Como alguém se torna prisioneiro pela associação com sua querida esposa é o que Nārada Muni explica neste capítulo. A atração pela esposa significa atração pelas qualidades materiais. Quem se sente atraído pela qualidade material da escuridão está na fase mais baixa da vida, ao passo que quem se sente atraído pela qualidade material da bondade está em uma posição melhor. Às vezes, observa­mos que quem está na plataforma da bondade material se sente mais ou menos atraído pelo cultivo de conhecimento. Esta é, evi­dentemente, uma posição melhor, pois o conhecimento faz com que tenhamos preferência por aceitar o serviço devocional. A menos que cheguemos à plataforma de conhecimento, a fase brahma-bhūta, não poderemos avançar em serviço devocional. Como Kṛṣṇa diz na Bhagavad-gītā (18.54):

brahma-bhūtaḥ prasannātmā
na śocati na kāṅkṣati
samaḥ sarveṣu bhūteṣu
mad-bhaktiṁ labhate parām

“Aquele que está situado nessa posição transcendental compreende de imediato o Brahman Supremo e se torna completamente feliz. Ele nunca se lamenta nem deseja ter algo, e é equânime para com todas as entidades vivas. Nesse estado, ele passa a Me prestar serviço devocional puro.”

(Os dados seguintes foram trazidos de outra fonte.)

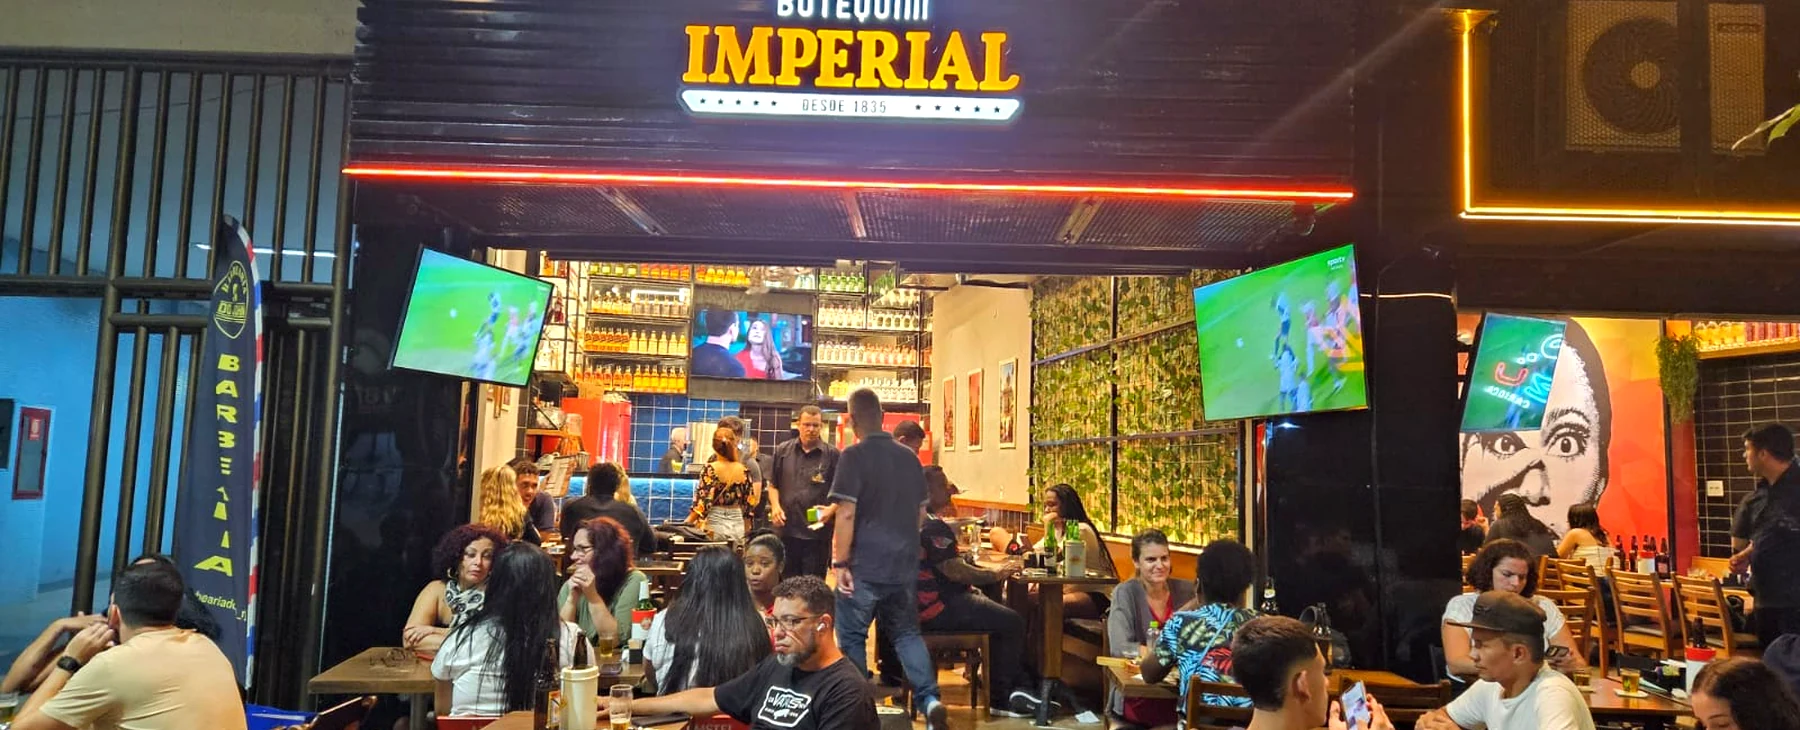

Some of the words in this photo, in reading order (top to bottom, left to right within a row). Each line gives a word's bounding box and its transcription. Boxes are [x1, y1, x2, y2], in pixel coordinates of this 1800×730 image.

[682, 26, 1020, 91] IMPERIAL
[802, 98, 845, 113] DESDE
[854, 100, 887, 114] 1835

A plataforma do conhecimento é vantajosa por se tratar de um meio pelo qual se pode chegar à fase do serviço devocional. Contudo, se alguém adota o serviço devocional de forma direta, o conhecimento lhe é revelado sem ser preciso se esforçar separadamente. Confirma-se isso no Śrīmad-Bhāgavatam (1.2.7):

vāsudeve bhagavati
bhakti-yogaḥ prayojitaḥ
janayaty āśu vairāgyaṁ
jñānaṁ ca yad ahaitukam

O serviço devocional revela de forma automática o verdadeiro conhecimento de nossa existência material. Quem tem inteligência suficiente alcança de imediato a fase de renúncia à dita sociedade, família e amor, bem como a outras coisas. Enquanto estivermos apegados à sociedade, família e amor do mundo material, não haverá possibilidade de conhecimento. Tampouco haverá possibilidade de serviço devocional. Adotando diretamente o serviço devocional, contudo, enchemo-nos de conhecimento e renúncia. Dessa maneira, nossa vida se torna bem-sucedida.

Neste ponto, encerram-se os Significados Bhaktivedanta do quarto canto, vigésimo quinto capítulo, do Śrīmad-Bhāgavatam, intitu­lado “Descrição das Características do Rei Purañjana.”